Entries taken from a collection
# # # # #
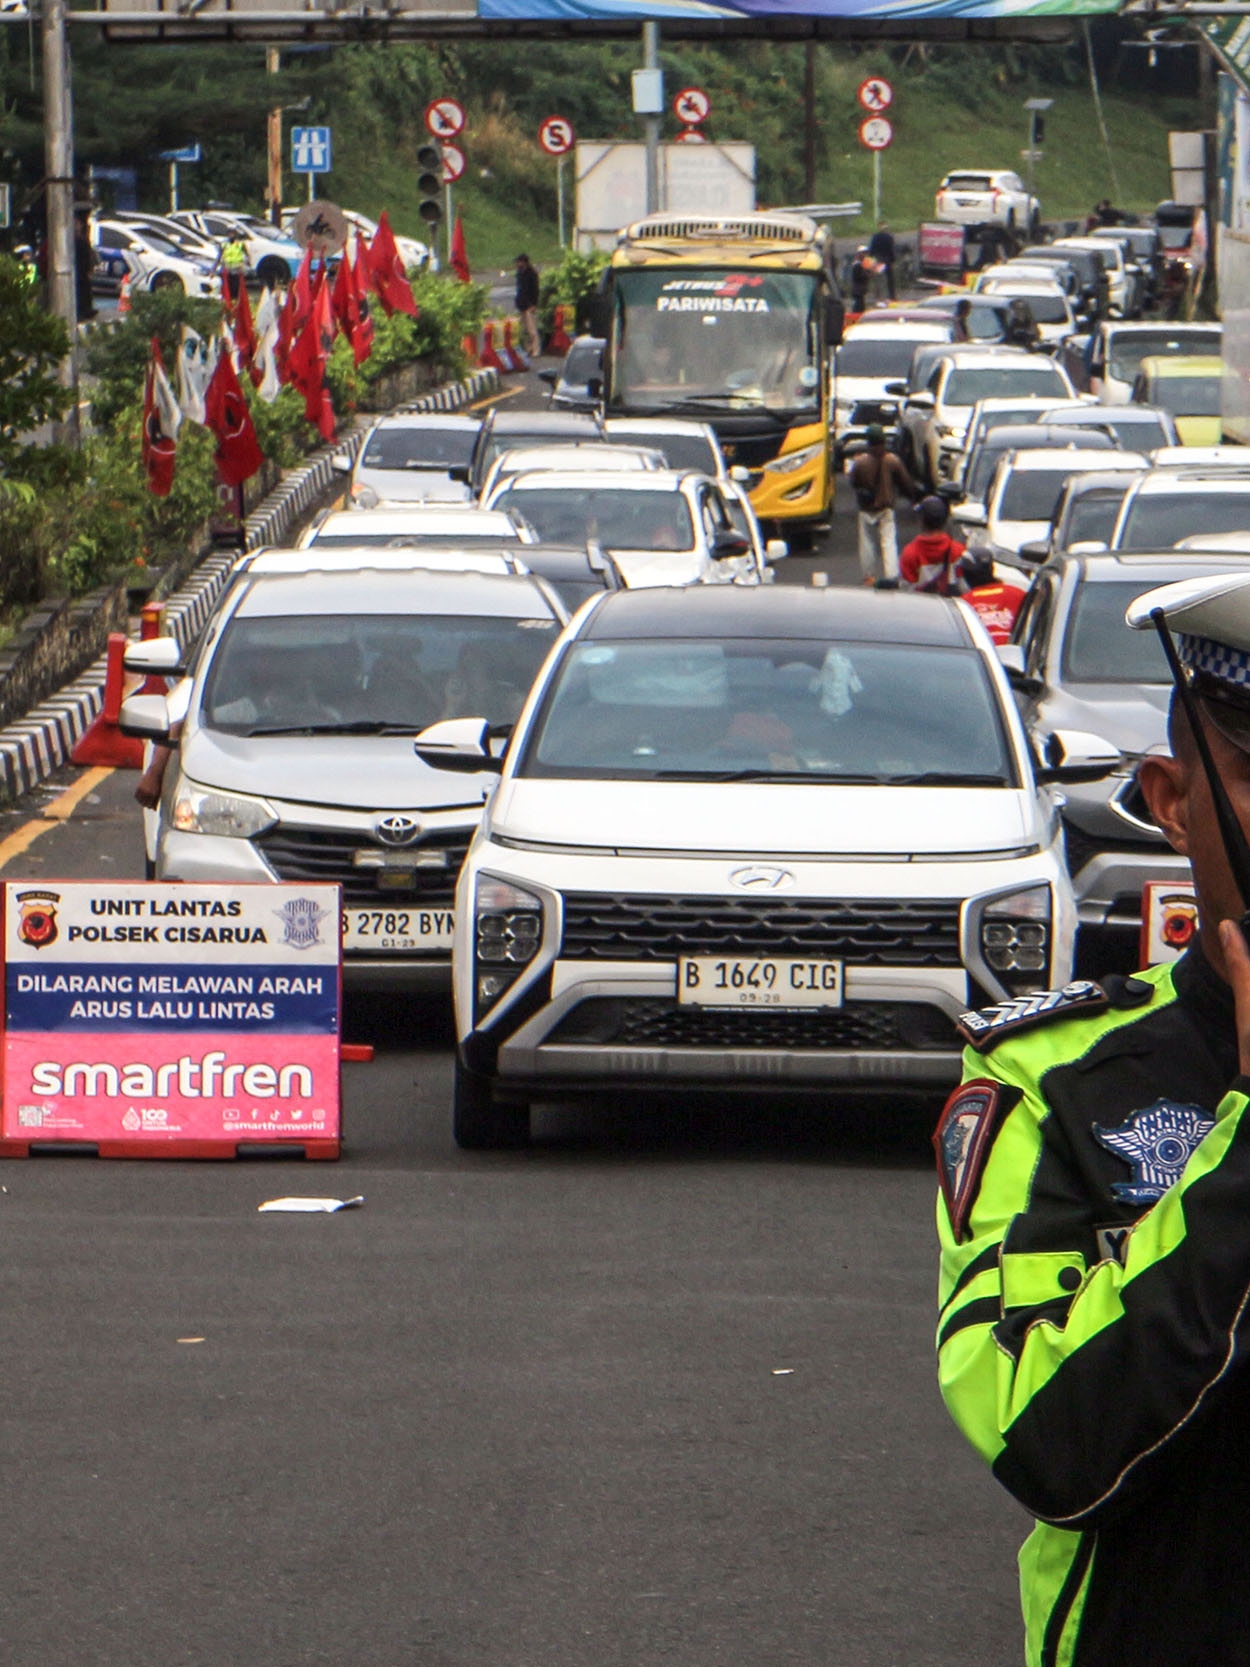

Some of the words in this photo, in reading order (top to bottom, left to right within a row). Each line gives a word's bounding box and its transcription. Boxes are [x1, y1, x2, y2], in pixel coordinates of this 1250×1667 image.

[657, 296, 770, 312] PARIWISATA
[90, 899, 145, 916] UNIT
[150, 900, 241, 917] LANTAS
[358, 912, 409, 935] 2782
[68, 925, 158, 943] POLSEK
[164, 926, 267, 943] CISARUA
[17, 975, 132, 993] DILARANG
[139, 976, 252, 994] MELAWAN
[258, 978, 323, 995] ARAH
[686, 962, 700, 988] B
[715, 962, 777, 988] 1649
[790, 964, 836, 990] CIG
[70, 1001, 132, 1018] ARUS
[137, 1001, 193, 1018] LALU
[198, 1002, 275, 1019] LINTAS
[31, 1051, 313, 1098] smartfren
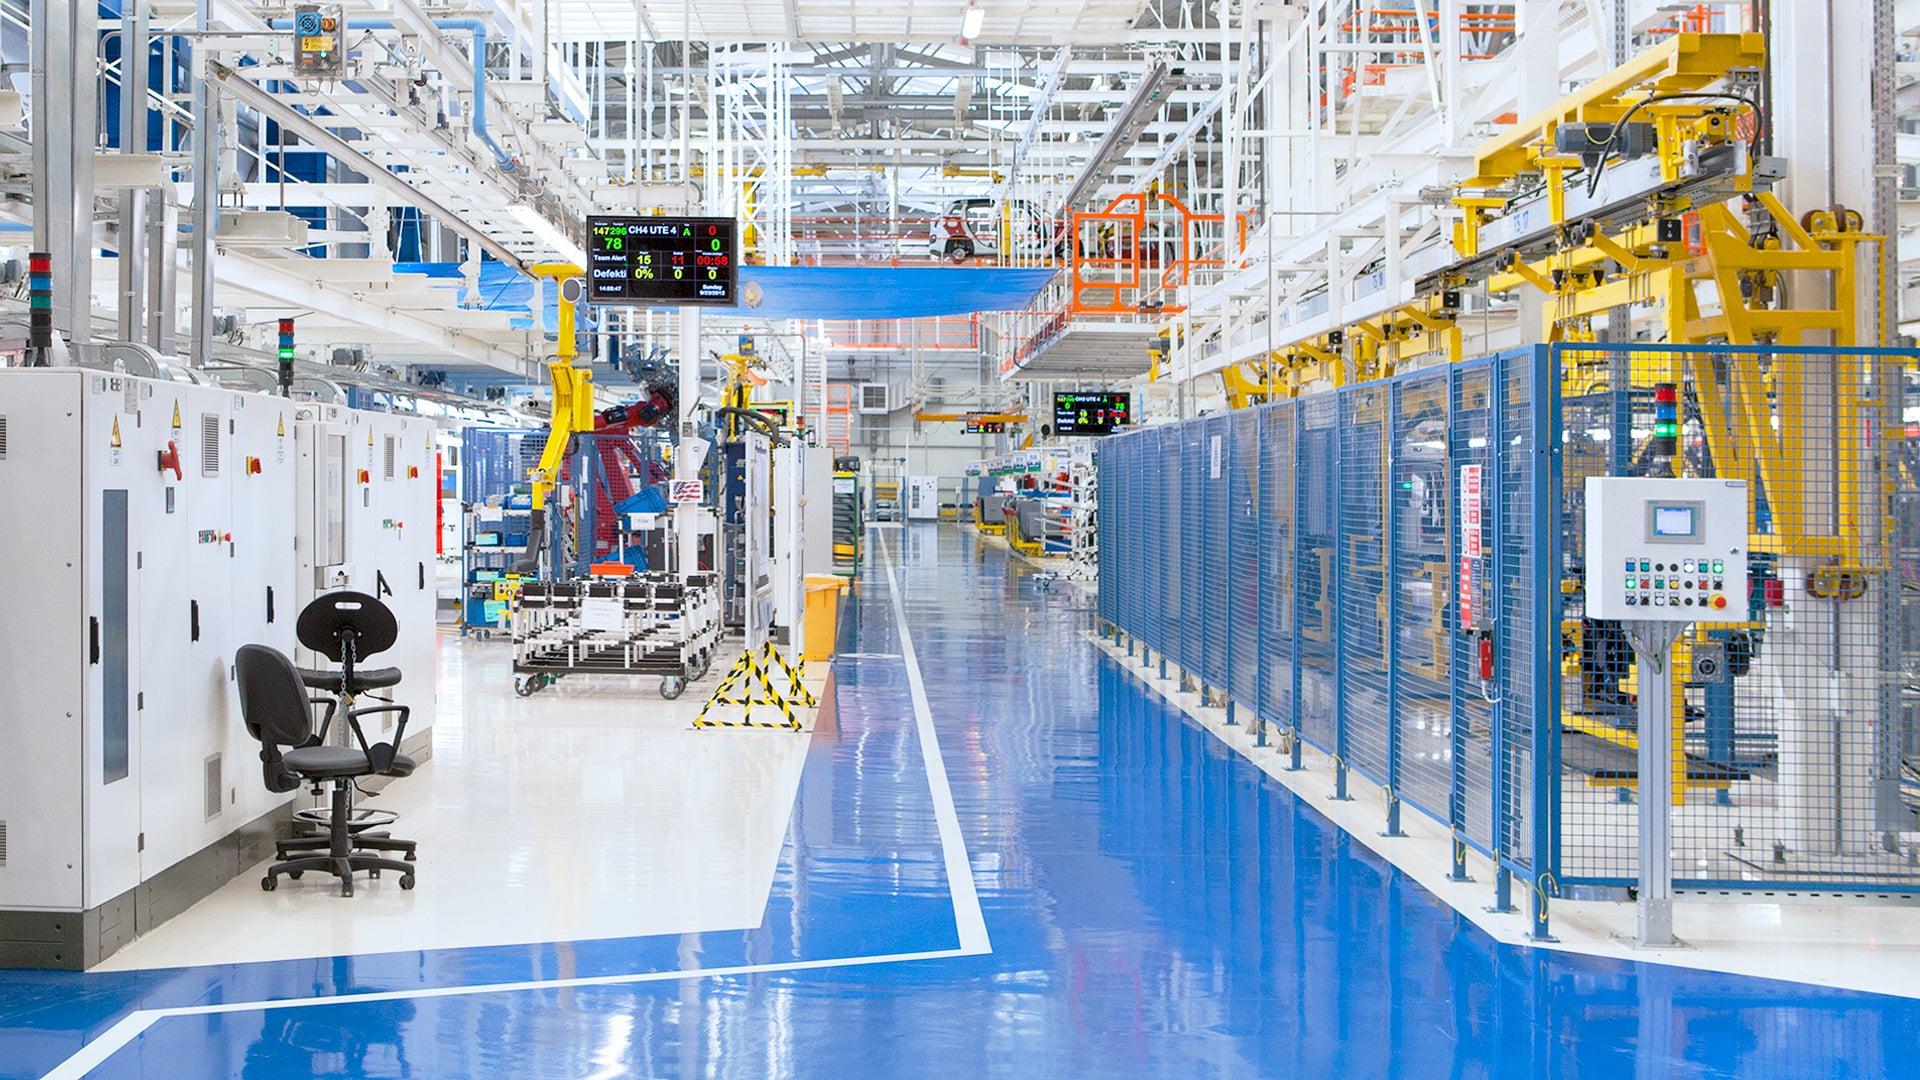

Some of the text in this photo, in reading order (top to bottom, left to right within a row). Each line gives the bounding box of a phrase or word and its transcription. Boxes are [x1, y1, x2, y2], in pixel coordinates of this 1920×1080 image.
# # # # #
### YOUR GOAL
Drop the images and transcribe the entries above exactly.

### ANSWER
Some of the words in this photo, in reading order (top to bottom, left to right within a row). Each line gives a word's bounding box and its transcription. Boxes are [x1, y1, x2, y2], in pixel coordinates of this 1250×1667 image.

[657, 296, 770, 312] PARIWISATA
[90, 899, 145, 916] UNIT
[150, 900, 241, 917] LANTAS
[358, 912, 409, 935] 2782
[68, 925, 158, 943] POLSEK
[164, 926, 267, 943] CISARUA
[17, 975, 132, 993] DILARANG
[139, 976, 252, 994] MELAWAN
[258, 978, 323, 995] ARAH
[686, 962, 700, 988] B
[715, 962, 777, 988] 1649
[790, 964, 836, 990] CIG
[70, 1001, 132, 1018] ARUS
[137, 1001, 193, 1018] LALU
[198, 1002, 275, 1019] LINTAS
[31, 1051, 313, 1098] smartfren

Some of the text in this photo, in reading order (top to bottom, left to right within a row). Each line gives the bounding box of a phrase or word and its transcription. Boxes are [x1, y1, x2, y2], in pixel coordinates of this 1920×1080 image.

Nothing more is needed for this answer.